Bambina di 4 anni salvata da intervento mini-invasivo a Padova: il cuore è tornato a funzionare normalmente

Bambina di 4 anni ha una grave malformazione al cuore: salvata da cardiochirurghi di Padova con intervento mini-invasivo

Bambina di 4 anni con malformazione cardiaca sottoposta a intervento mini-invasivo a Padova
Bambina di 4 anni con malformazione cardiaca sottoposta a intervento mini-invasivo a Padova

Una bambina di quattro anni, italiana ma residente negli Emirati Arabi, è stata salvata da un intervento di cardiochirurgia mini-invasiva eseguito a Padova. La piccola soffriva di una grave malformazione al cuore, con una stenosi valvolare mitralica congenita severa, ipertensione polmonare e lieve coartazione dell’aorta. L’intervento, durato circa due ore, ha permesso di allargare la valvola mitrale senza danneggiarne il corretto funzionamento, evitando la tradizionale apertura dello sterno. «Ancora un anno e il danno sarebbe stato irreversibile», ha spiegato il direttore della Cardiochirurgia pediatrica, Vladimiro Vida.

Un intervento mini-invasivo che ha cambiato la vita della piccola

L’equipe del centro di riferimento per la cardiochirurgia pediatrica dell’Azienda Ospedale-Università di Padova ha utilizzato un accesso laterale sotto l’ascella destra, riducendo l’incisione a soli tre-quattro centimetri. Questo approccio, che ha sostituito la tradizionale sternotomia, ha permesso di ridurre il trauma chirurgico, il dolore post-operatorio e i tempi di degenza. La tecnica, maturata negli ultimi trent’anni, ha reso il ricovero più breve e il recupero più rapido rispetto alla chirurgia tradizionale. Il caso della bambina rappresenta un esempio significativo dell’attività del centro, che si è specializzato nel trattamento delle cardiopatie congenite complesse. Il team ha utilizzato immagini tridimensionali e simulazioni preoperatorie per pianificare l’intervento. In alcuni casi, è arrivato a stampare modelli anatomici in 3D per programmare ogni fase dell’intervento. L’obiettivo era preservare la valvola naturale, garantendone la maggiore durata possibile.

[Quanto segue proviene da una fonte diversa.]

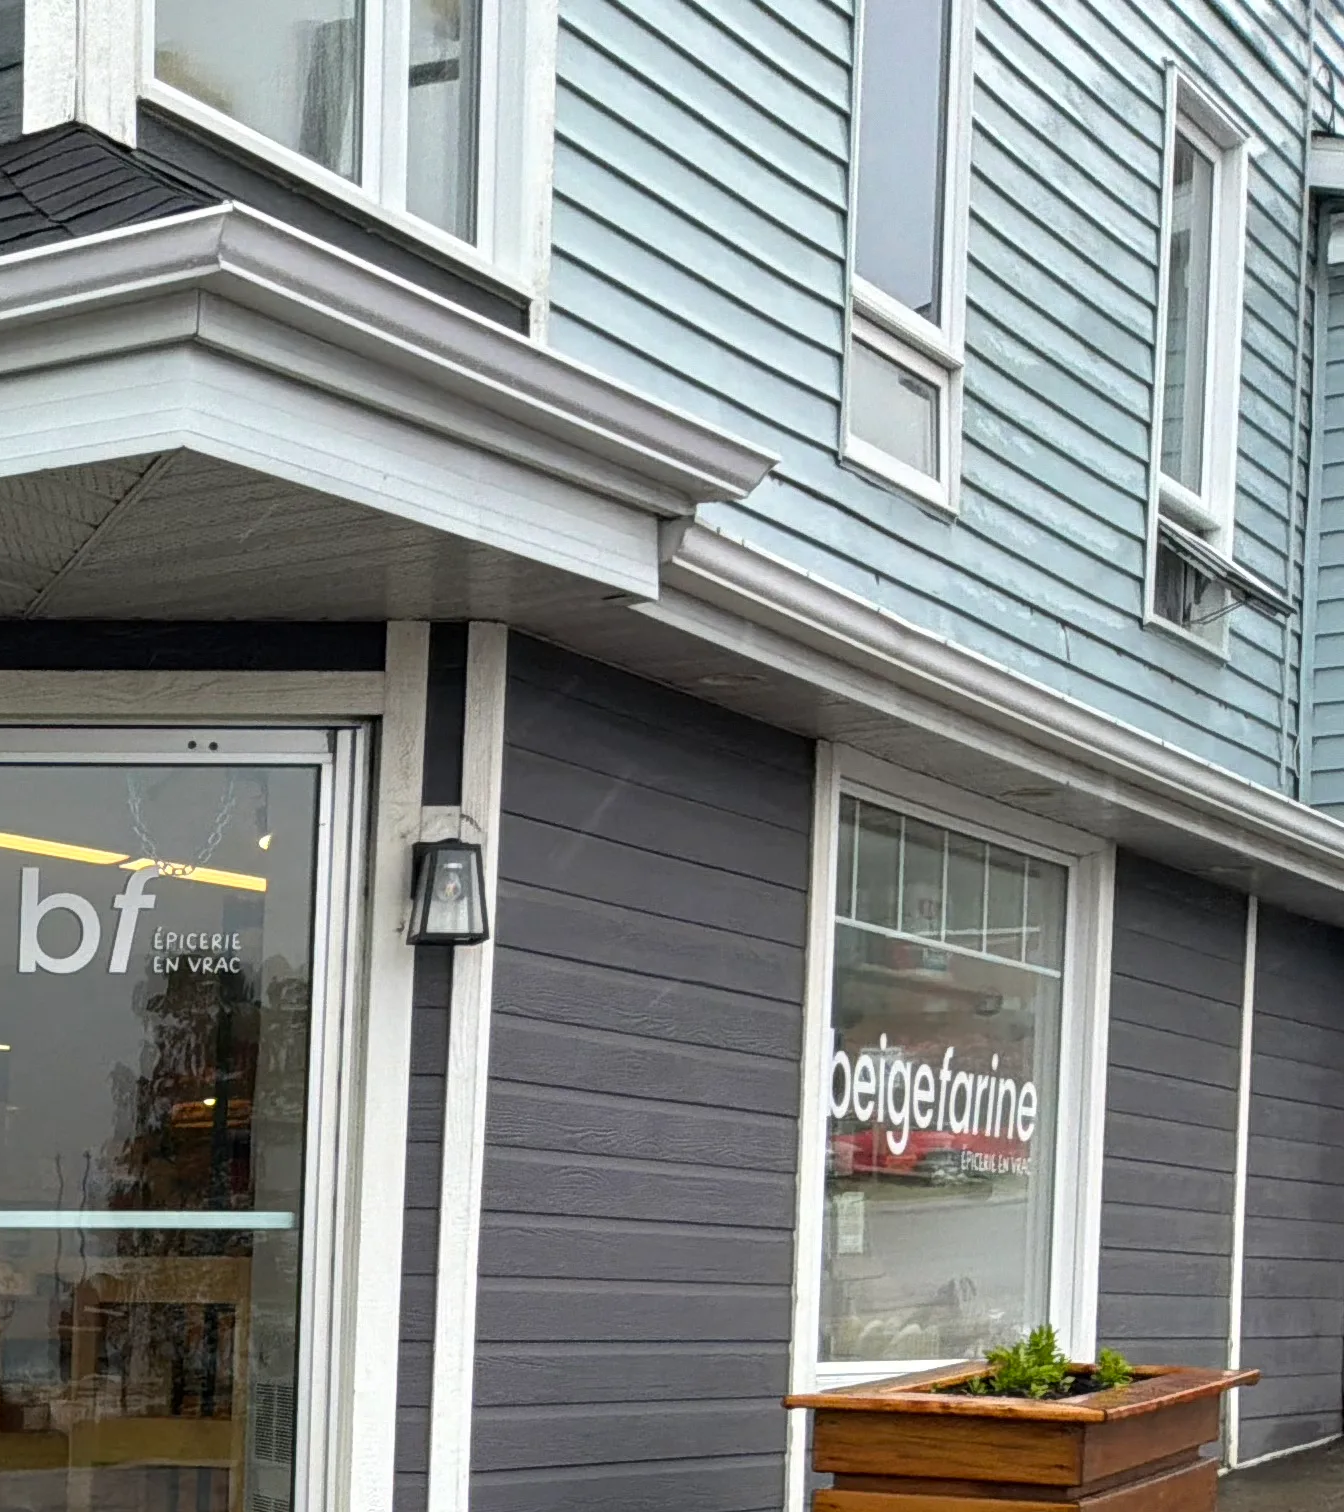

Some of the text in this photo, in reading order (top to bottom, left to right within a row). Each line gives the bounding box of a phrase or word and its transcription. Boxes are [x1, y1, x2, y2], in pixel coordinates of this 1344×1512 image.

[19, 867, 159, 973] bf
[153, 926, 242, 950] ÉPICERIE
[153, 956, 241, 975] EN VRAC
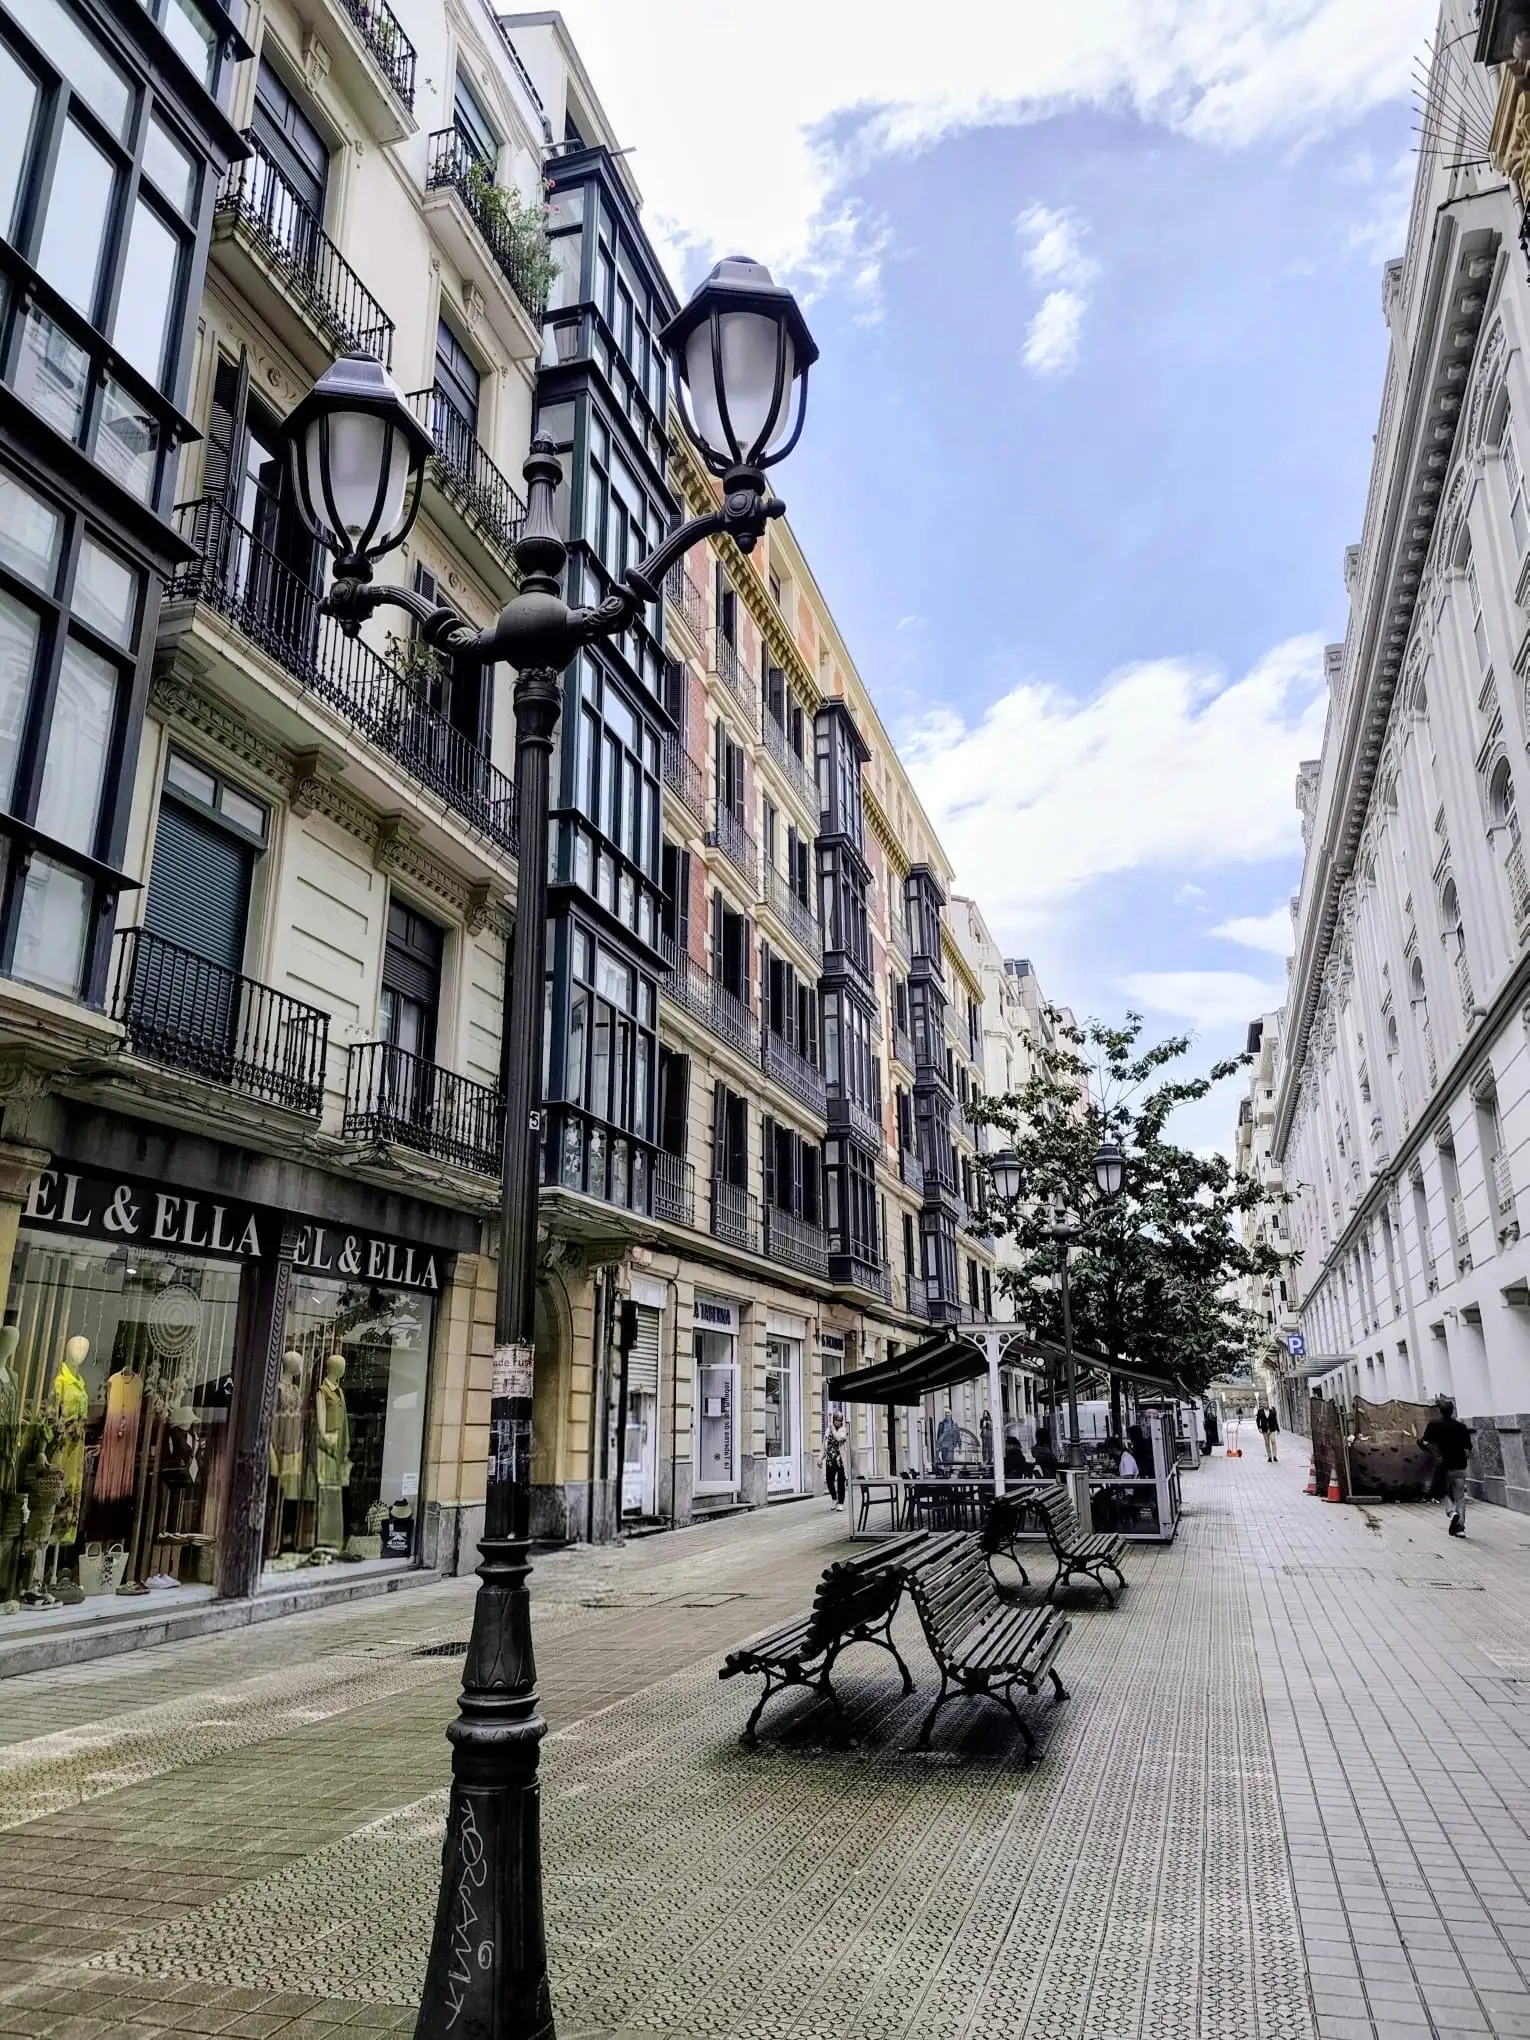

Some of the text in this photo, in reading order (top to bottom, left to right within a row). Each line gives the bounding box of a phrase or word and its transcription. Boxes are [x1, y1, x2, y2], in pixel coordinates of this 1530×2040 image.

[20, 1169, 262, 1257] EL & ELLA
[293, 1225, 439, 1289] EL & ELLA
[1288, 1337, 1303, 1354] P

Un trattamento su misura per ogni bambino

«Ogni cardiopatia congenita è diversa dall’altra», ha sottolineato Vida, «per questo ogni bambino ha bisogno di un trattamento costruito su misura, valutato da un’équipe multidisciplinare che lo accompagna lungo tutto il percorso di cura». L’intervento è stato pianificato con una serie di strumenti avanzati, che hanno permesso di evitare interventi più invasivi e di ridurre i rischi per la salute della piccola.

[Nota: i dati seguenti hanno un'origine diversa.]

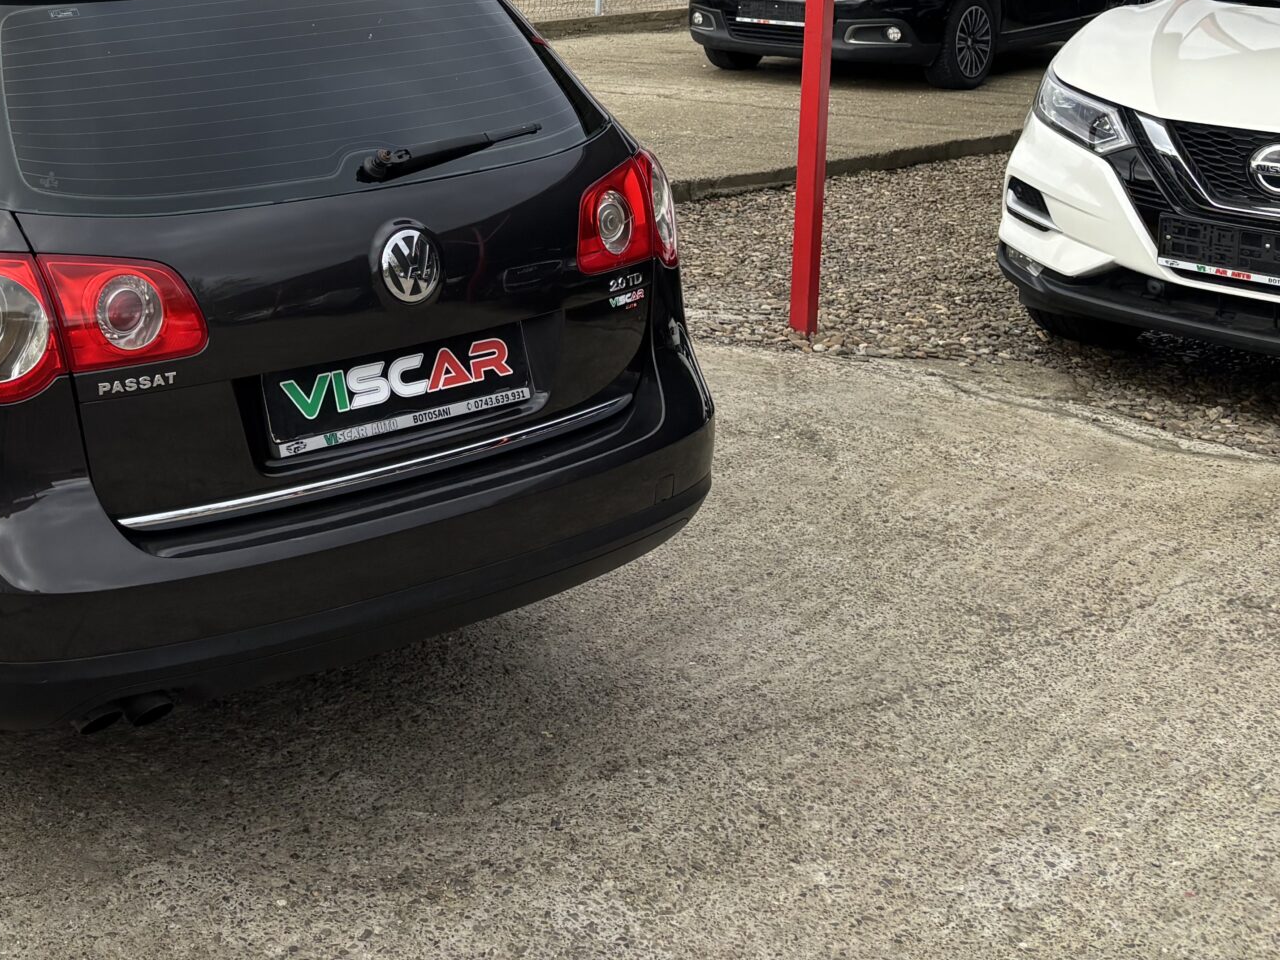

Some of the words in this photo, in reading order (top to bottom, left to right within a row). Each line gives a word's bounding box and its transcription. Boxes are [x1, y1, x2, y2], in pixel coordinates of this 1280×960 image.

[1196, 265, 1228, 277] VIAR
[609, 288, 645, 308] VISCAR
[98, 371, 177, 395] PASSAT
[280, 337, 514, 420] VISCAR
[324, 426, 368, 446] VISCAR
[371, 419, 399, 436] AUTO
[412, 407, 452, 424] BOTOSANI
[474, 389, 526, 409] 0743.639.931

La valvola mitrale, che misurava appena un centimetro e mezzo, non poteva essere sostituita come negli adulti. Il team ha scelto di riparare il cuore, preservando la valvola naturale. Questo approccio ha permesso alla bambina di tornare a funzionare normalmente, con una probabilità elevata di non dover subire ulteriori interventi. Il centro di Padova, punto di riferimento nazionale per la cardiochirurgia mini-invasiva pediatrica e delle cardiopatie congenite, ha eseguito oltre 1.200 interventi con questo approccio.

Attualmente il centro ha oltre cento pazienti in lista d’attesa e ogni anno gestisce un’attività chirurgica complessiva di circa 300-350 procedure. L’esperienza maturata ha reso il centro un punto di riferimento per famiglie italiane e straniere, che si rivolgono a Padova per un trattamento specializzato e personalizzato. L’intero processo è stato reso possibile grazie a una pianificazione sempre più personalizzata e a una tecnica chirurgica avanzata, che ha permesso di salvare la vita della piccola e di garantirle una vita normale.